• _Saved entries_:
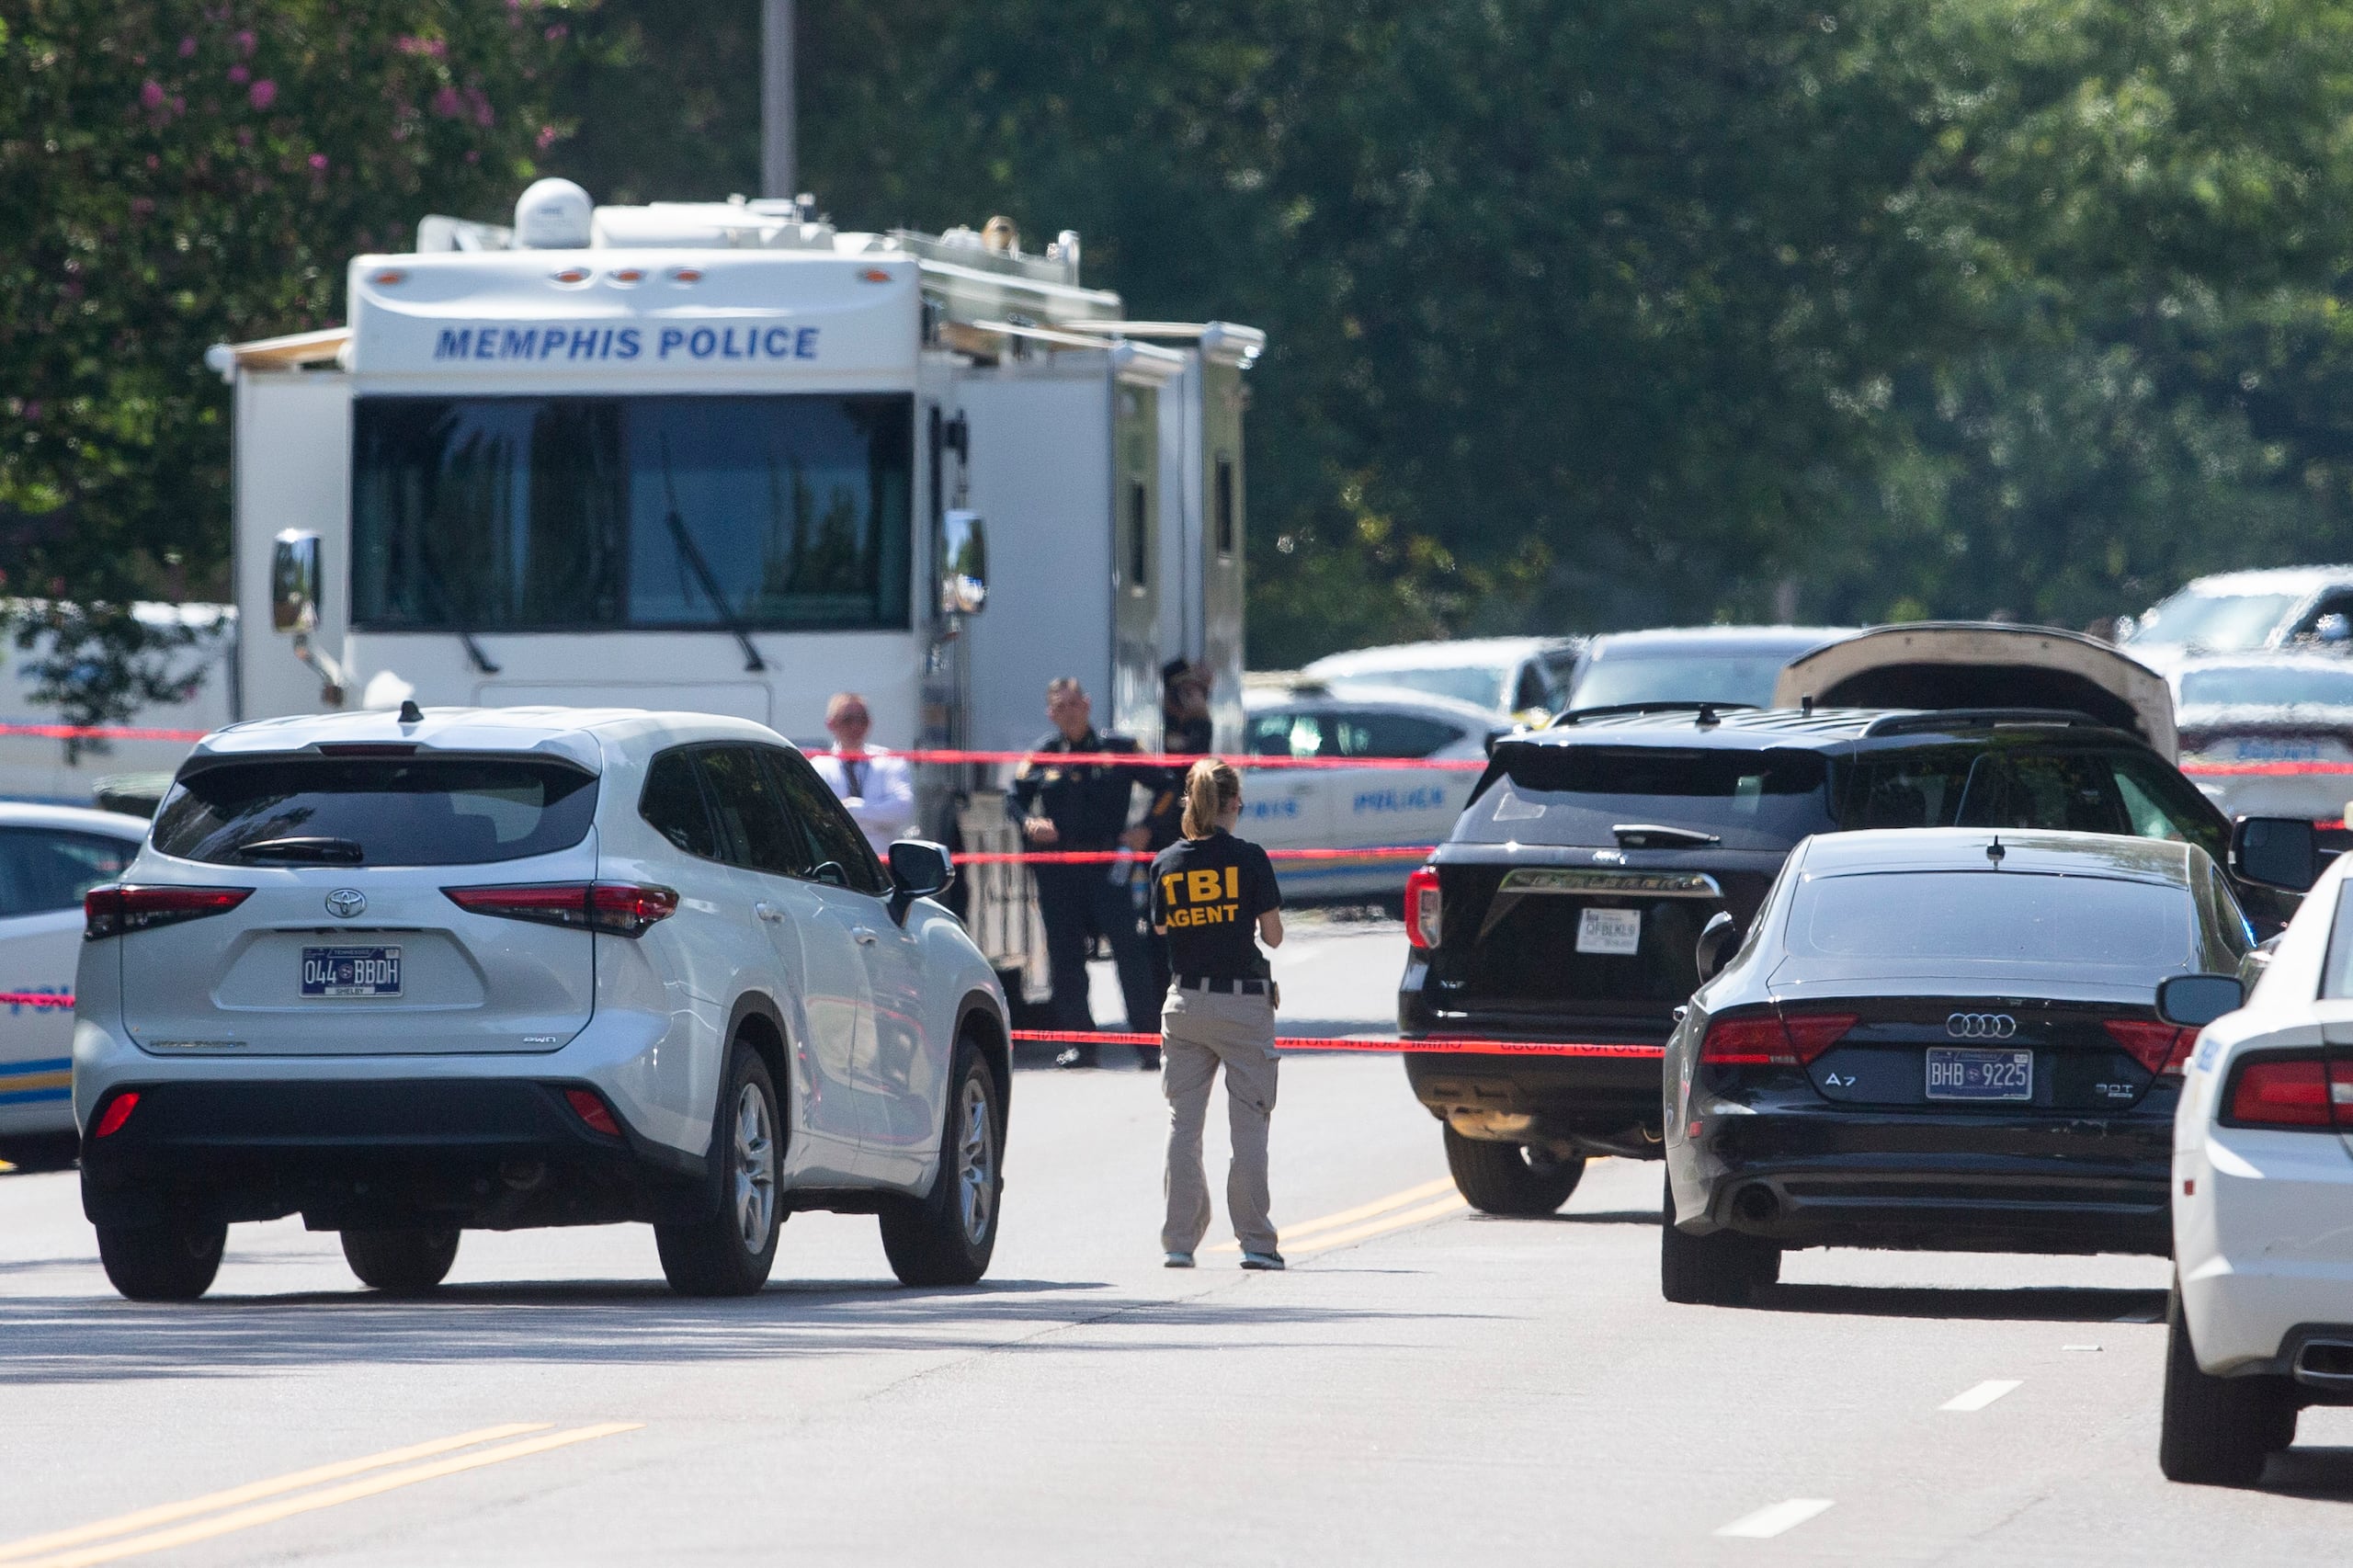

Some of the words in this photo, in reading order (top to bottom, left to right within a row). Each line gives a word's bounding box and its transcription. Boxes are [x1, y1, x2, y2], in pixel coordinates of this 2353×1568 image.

[434, 326, 642, 361] MEMPHIS
[657, 326, 819, 359] POLICE
[1161, 866, 1239, 905] TBI
[1165, 903, 1239, 928] AGENT
[304, 960, 337, 984] 044
[354, 960, 398, 984] BBDH
[1825, 1072, 1857, 1086] A7
[1931, 1062, 1964, 1085] BHB
[1983, 1062, 2026, 1086] 9225
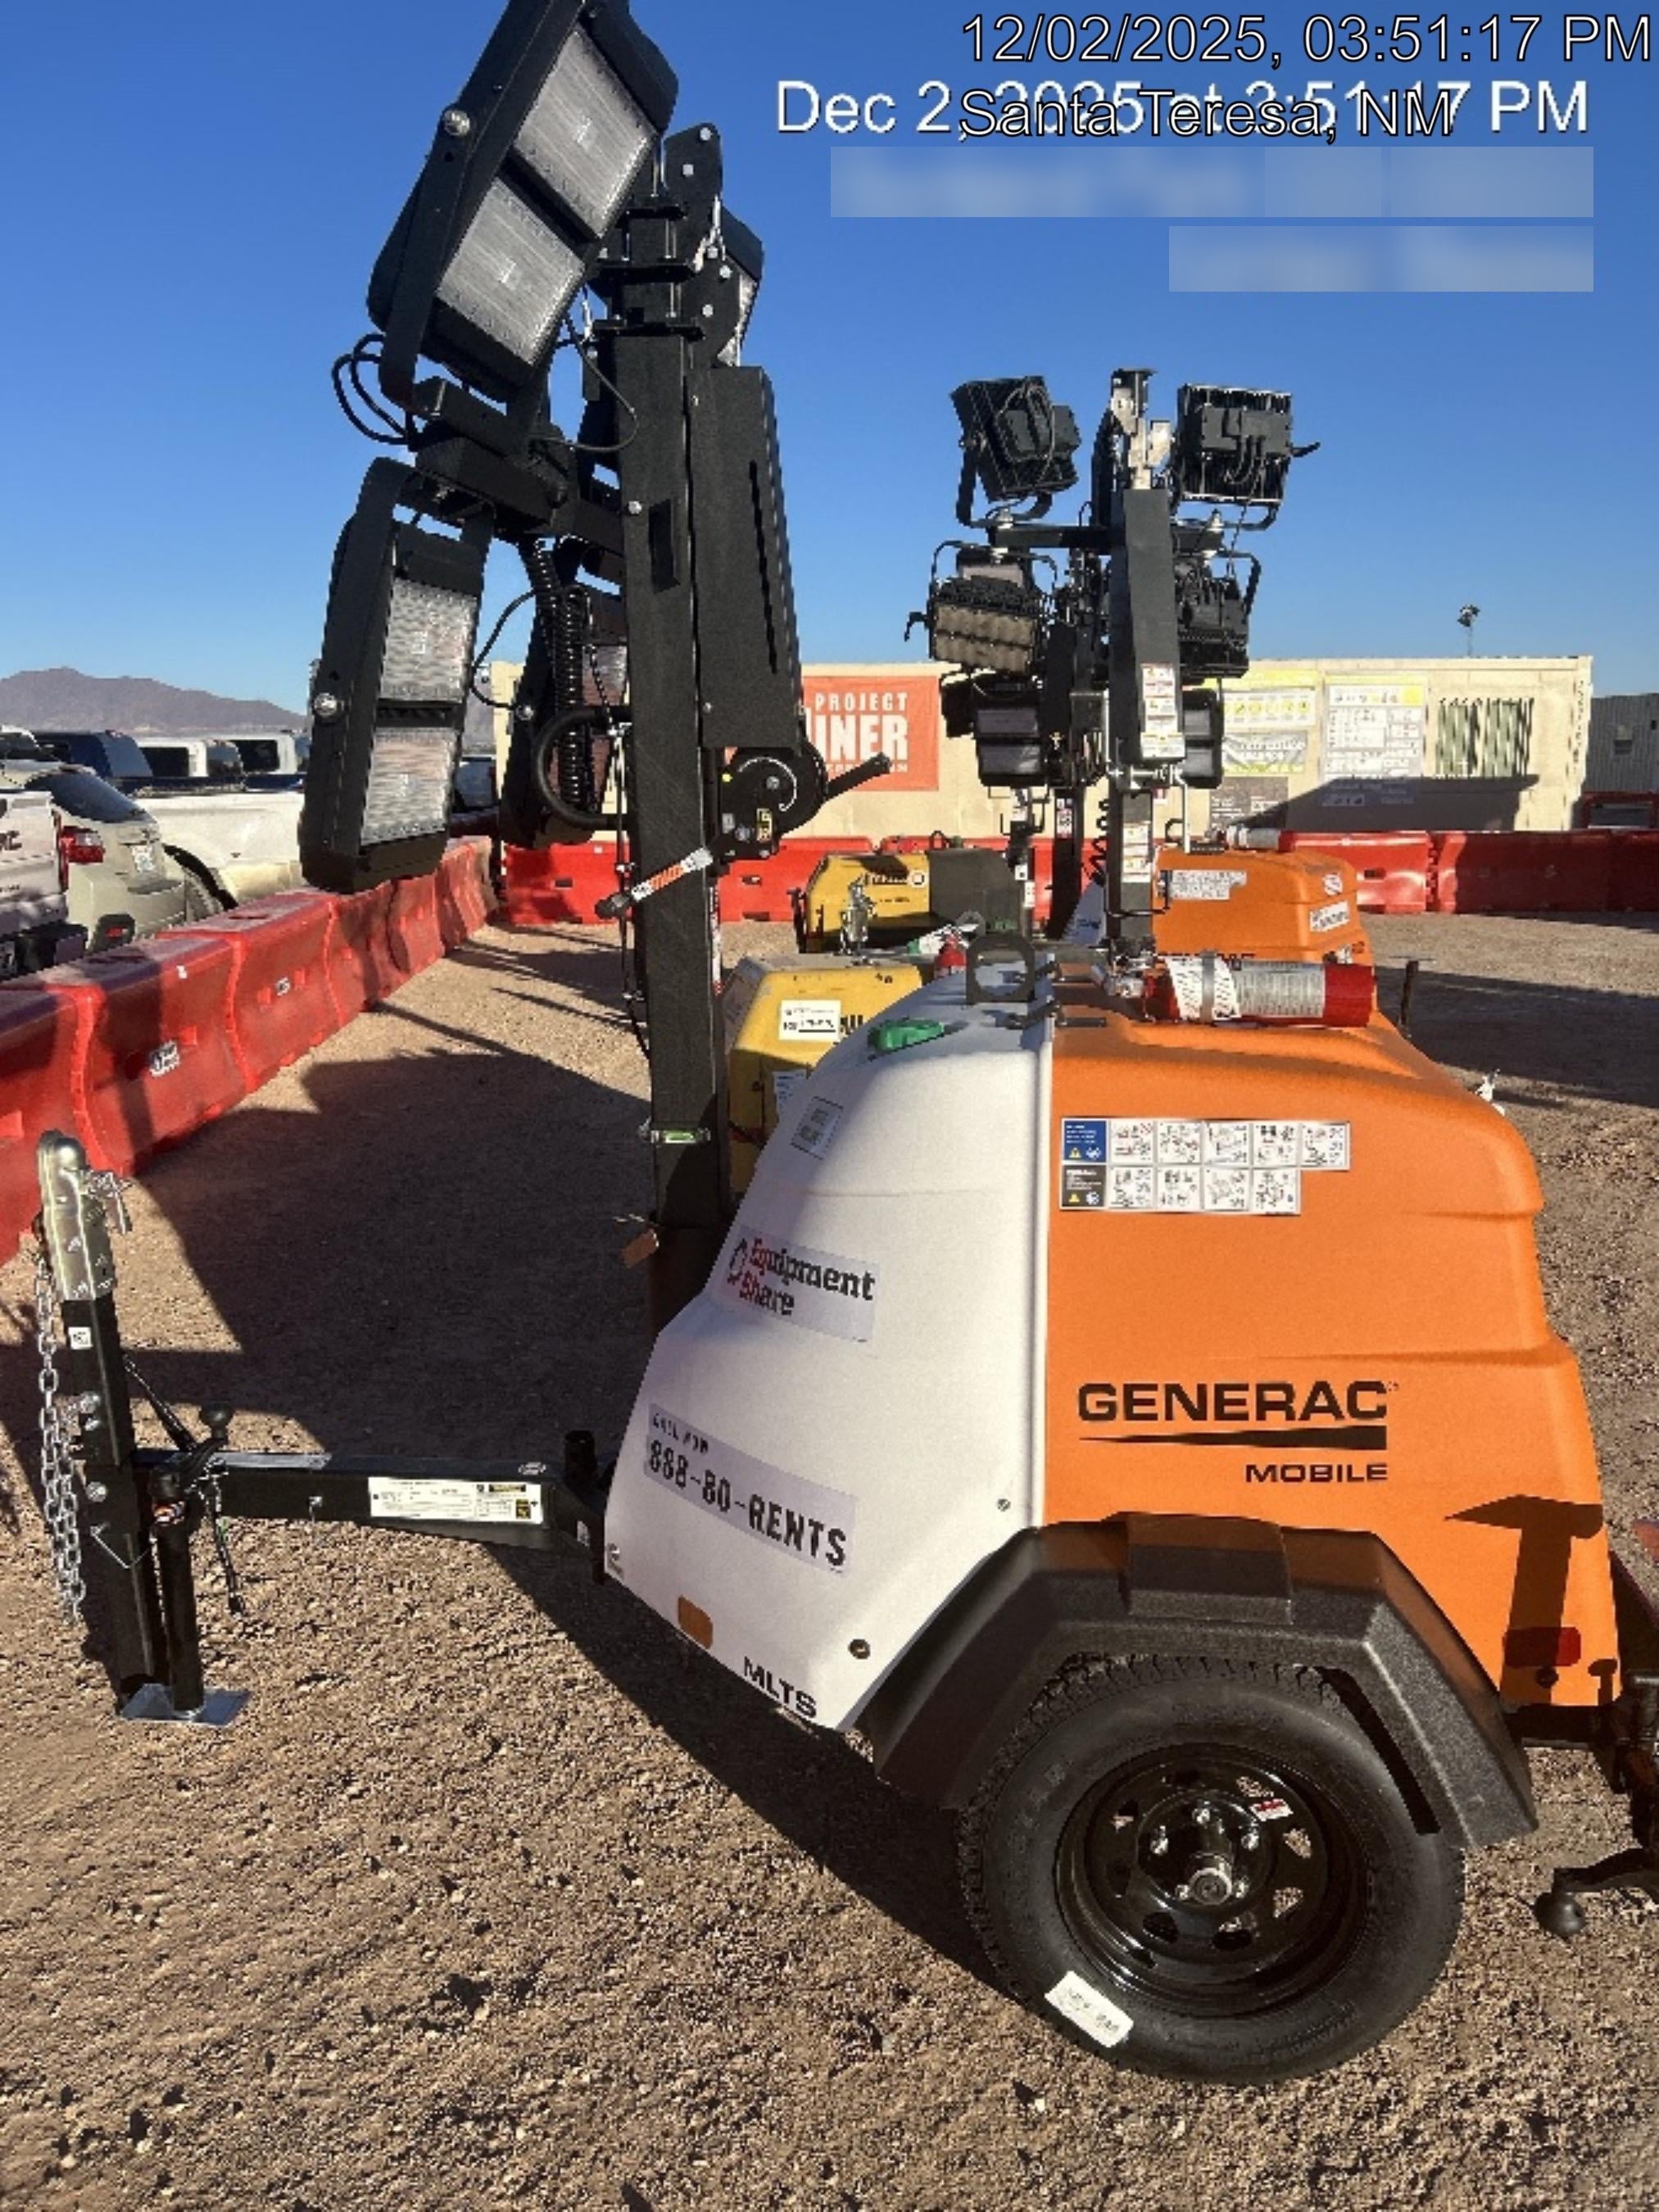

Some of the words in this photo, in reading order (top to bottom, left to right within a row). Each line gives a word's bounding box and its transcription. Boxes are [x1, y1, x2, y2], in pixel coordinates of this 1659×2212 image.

[814, 692, 909, 712] PROJECT
[750, 1238, 876, 1301] Equipment
[739, 1271, 795, 1316] Share
[1077, 1380, 1388, 1421] GENERAC
[1245, 1463, 1388, 1484] MOBILE
[649, 1439, 847, 1566] 888-80-RENTS
[744, 1656, 817, 1718] MLTS
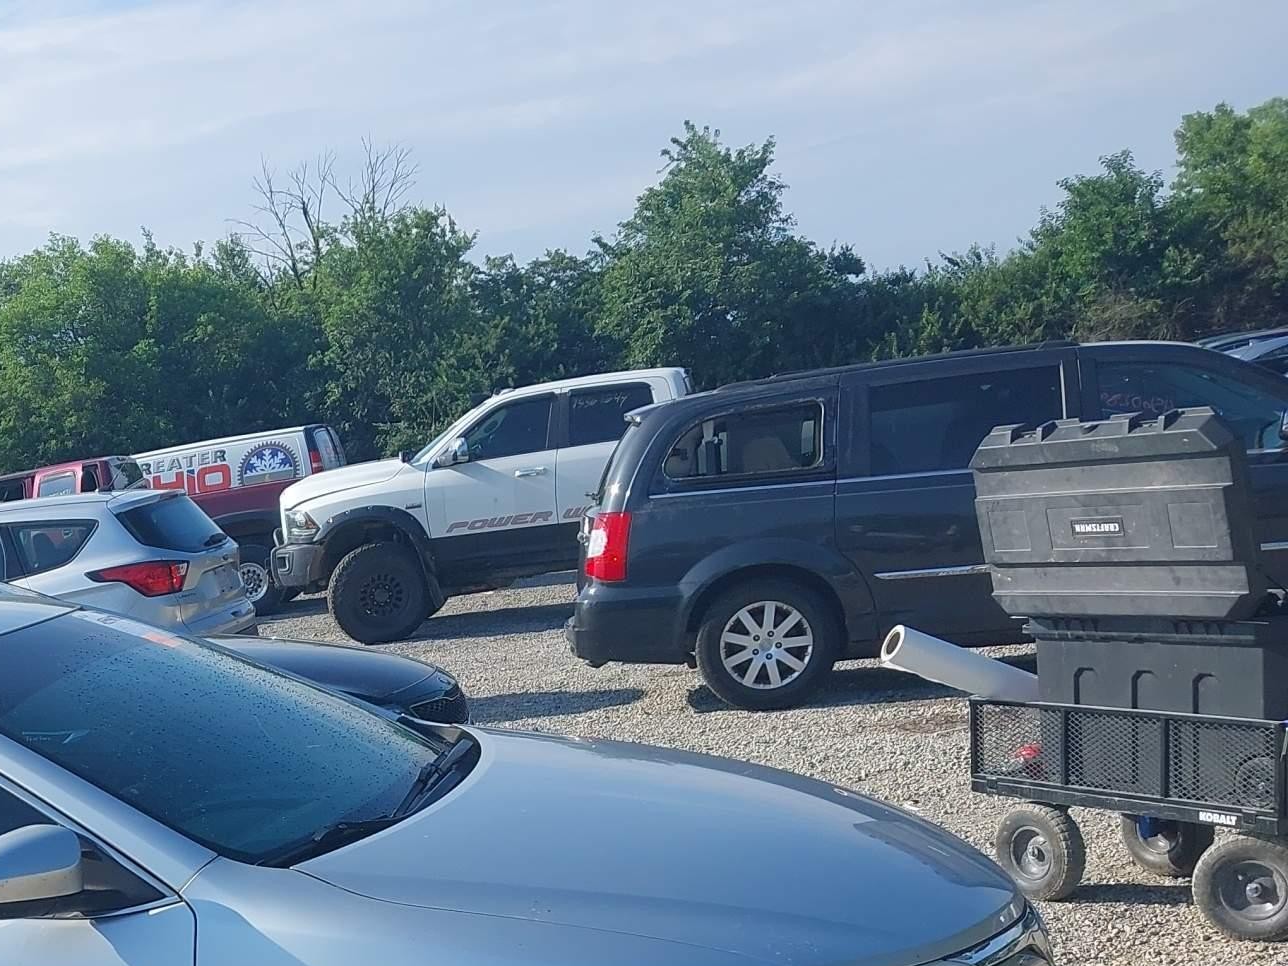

• _Exercise prompt_: Give back each of the records above word for word, apart from the pictures.

• _Exercise solution_:
Some of the words in this photo, in reading order (top to bottom, left to right within a row). Each line gives a word's bounding box and its transcription. Boxes are [x1, y1, x2, y2], in pixel coordinates of this 2353×1568 image.

[434, 326, 642, 361] MEMPHIS
[657, 326, 819, 359] POLICE
[1161, 866, 1239, 905] TBI
[1165, 903, 1239, 928] AGENT
[304, 960, 337, 984] 044
[354, 960, 398, 984] BBDH
[1825, 1072, 1857, 1086] A7
[1931, 1062, 1964, 1085] BHB
[1983, 1062, 2026, 1086] 9225

Some of the words in this photo, in reading order (top to bottom, left to right within a row). Each line gives a word's bounding box and its transcription. Boxes are [x1, y1, x2, y2], in pixel coordinates of this 1659×2212 image.

[814, 692, 909, 712] PROJECT
[750, 1238, 876, 1301] Equipment
[739, 1271, 795, 1316] Share
[1077, 1380, 1388, 1421] GENERAC
[1245, 1463, 1388, 1484] MOBILE
[649, 1439, 847, 1566] 888-80-RENTS
[744, 1656, 817, 1718] MLTS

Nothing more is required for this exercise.